*EXERCISE DIRECTIONS:* Once the pictures are set aside, output all the records exactly.

*SUPPLIED MATERIAL:*
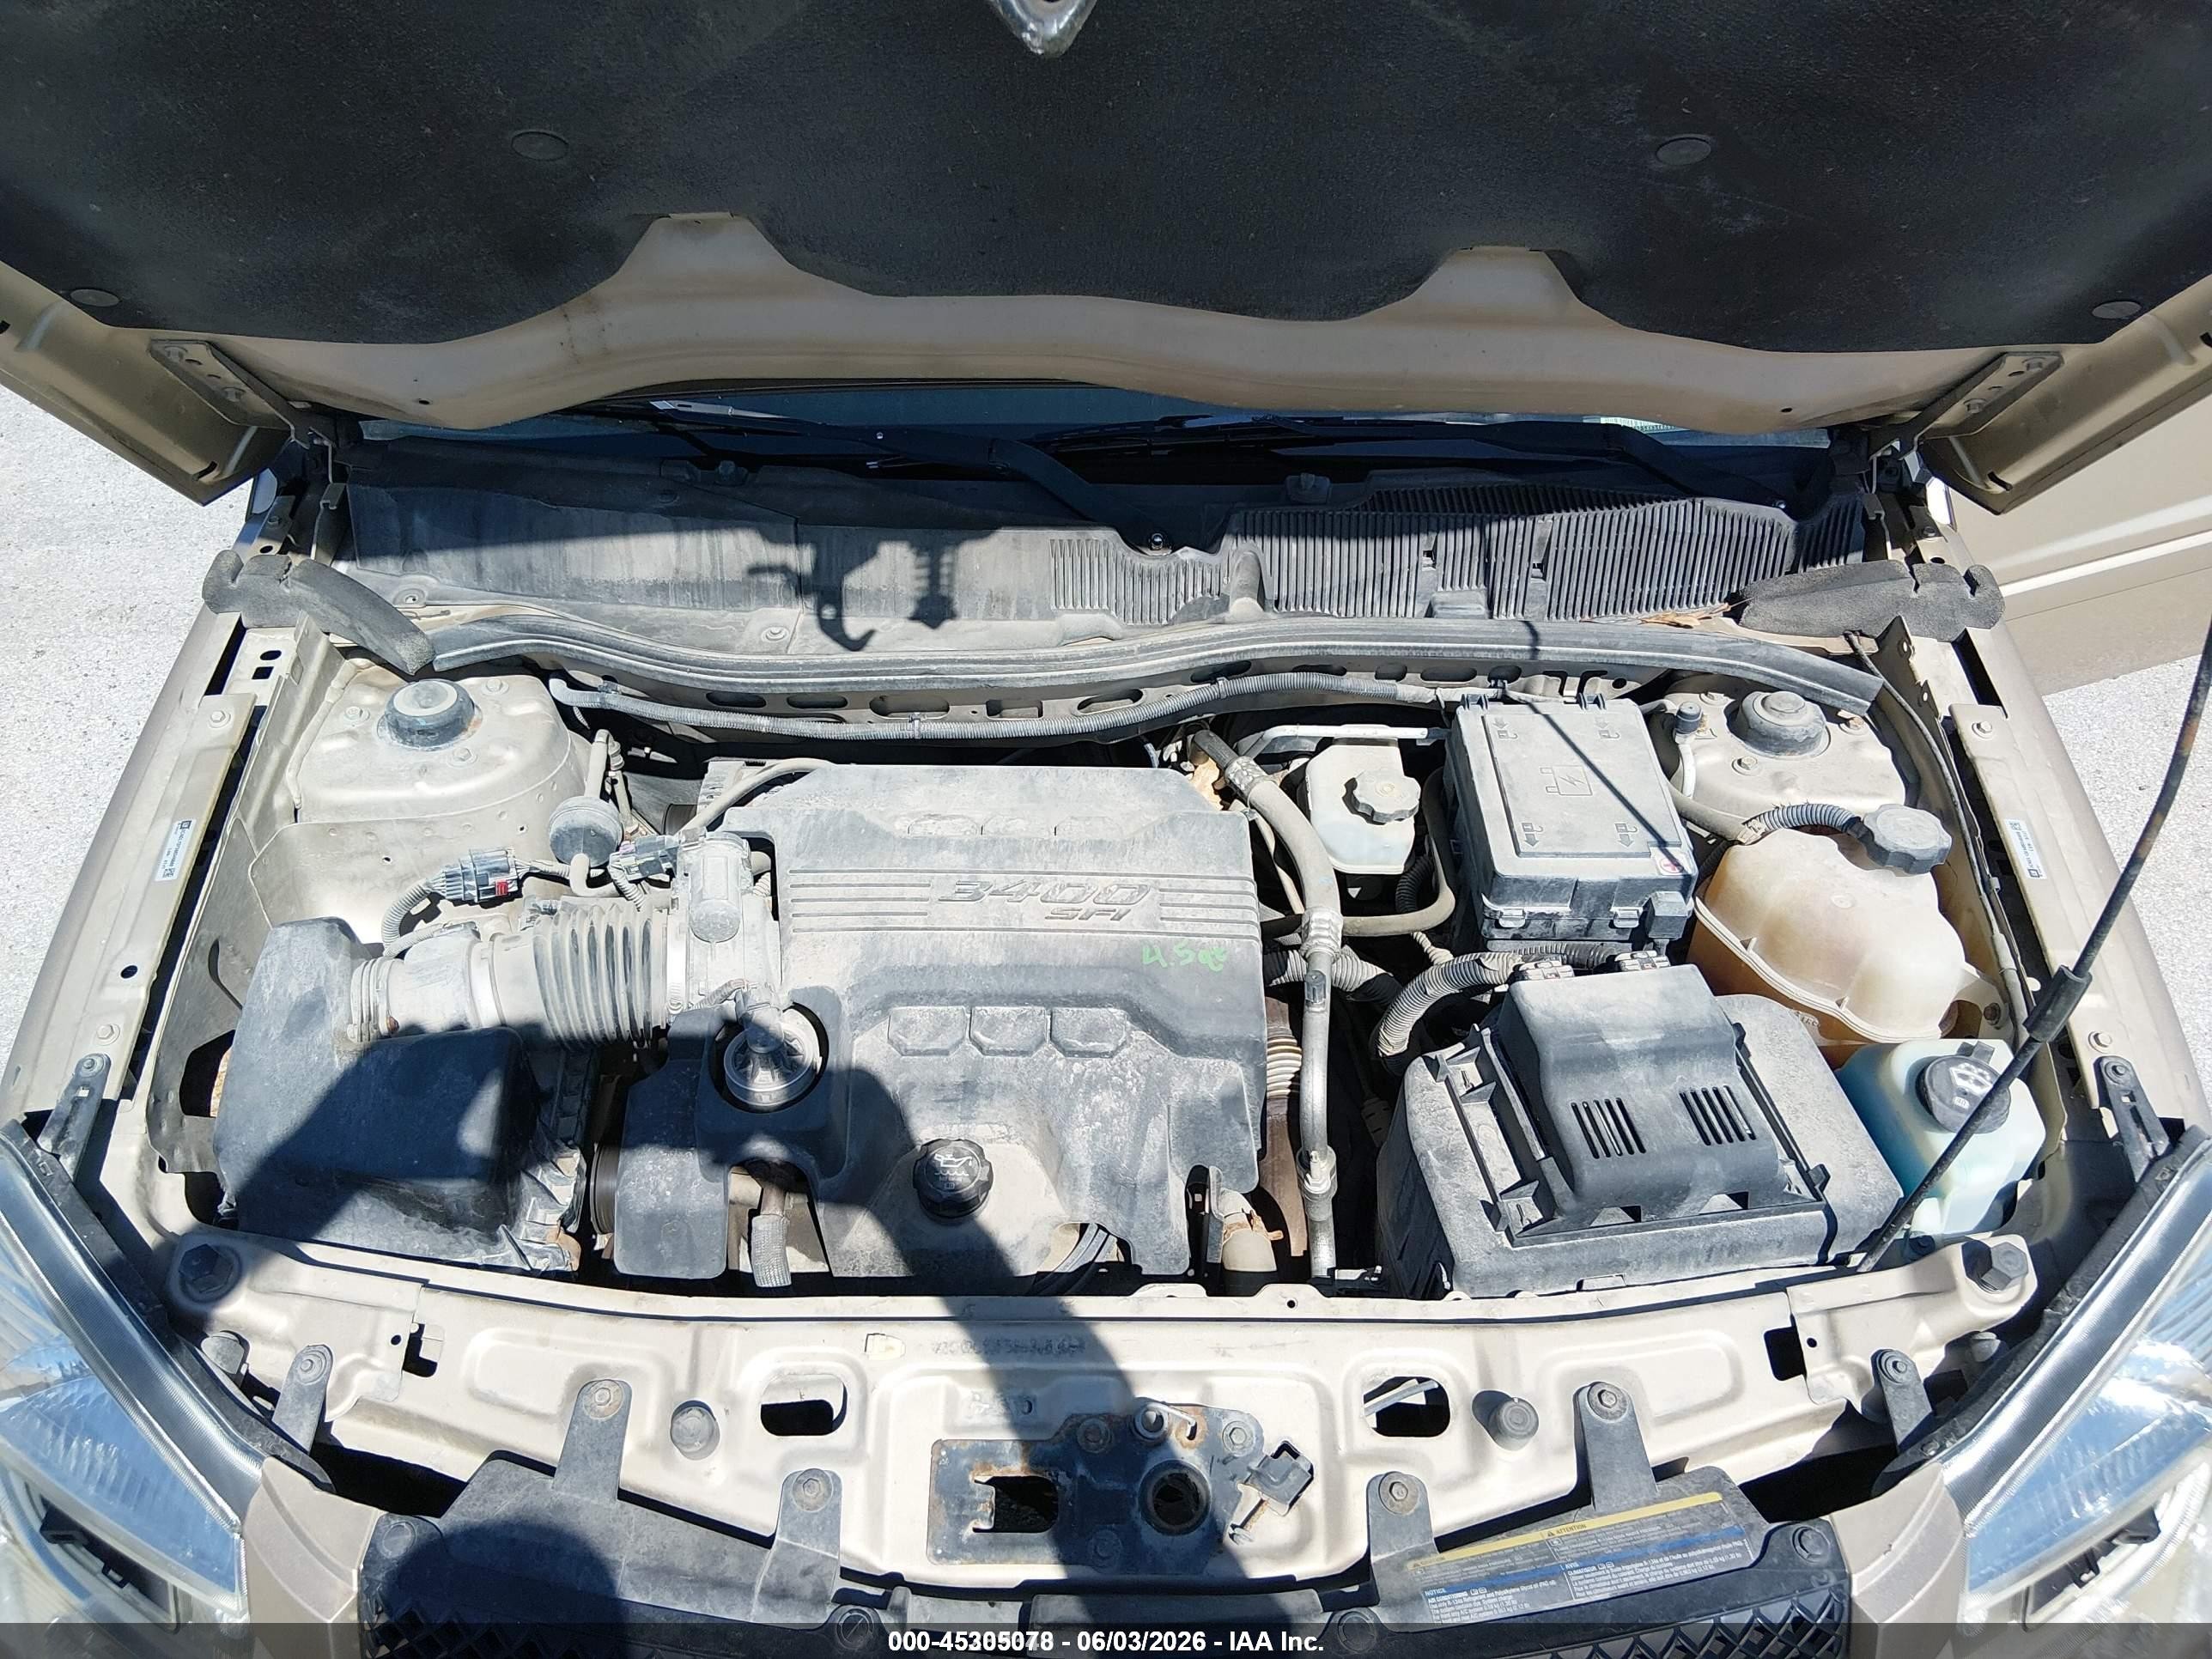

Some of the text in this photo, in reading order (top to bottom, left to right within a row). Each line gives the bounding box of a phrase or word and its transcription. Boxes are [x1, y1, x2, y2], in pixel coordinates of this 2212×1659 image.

[939, 879, 1152, 906] 3400
[1045, 908, 1132, 921] SFI
[1556, 1523, 1587, 1534] ATTENTION
[1425, 1588, 1447, 1596] NOTICE

*ANSWER TO THIS PROBLEM:*
Some of the text in this photo, in reading order (top to bottom, left to right within a row). Each line gives the bounding box of a phrase or word and its transcription. Boxes are [x1, y1, x2, y2], in pixel coordinates of this 2212×1659 image.

[939, 879, 1152, 906] 3400
[1045, 908, 1132, 921] SFI
[1556, 1523, 1587, 1534] ATTENTION
[1425, 1588, 1447, 1596] NOTICE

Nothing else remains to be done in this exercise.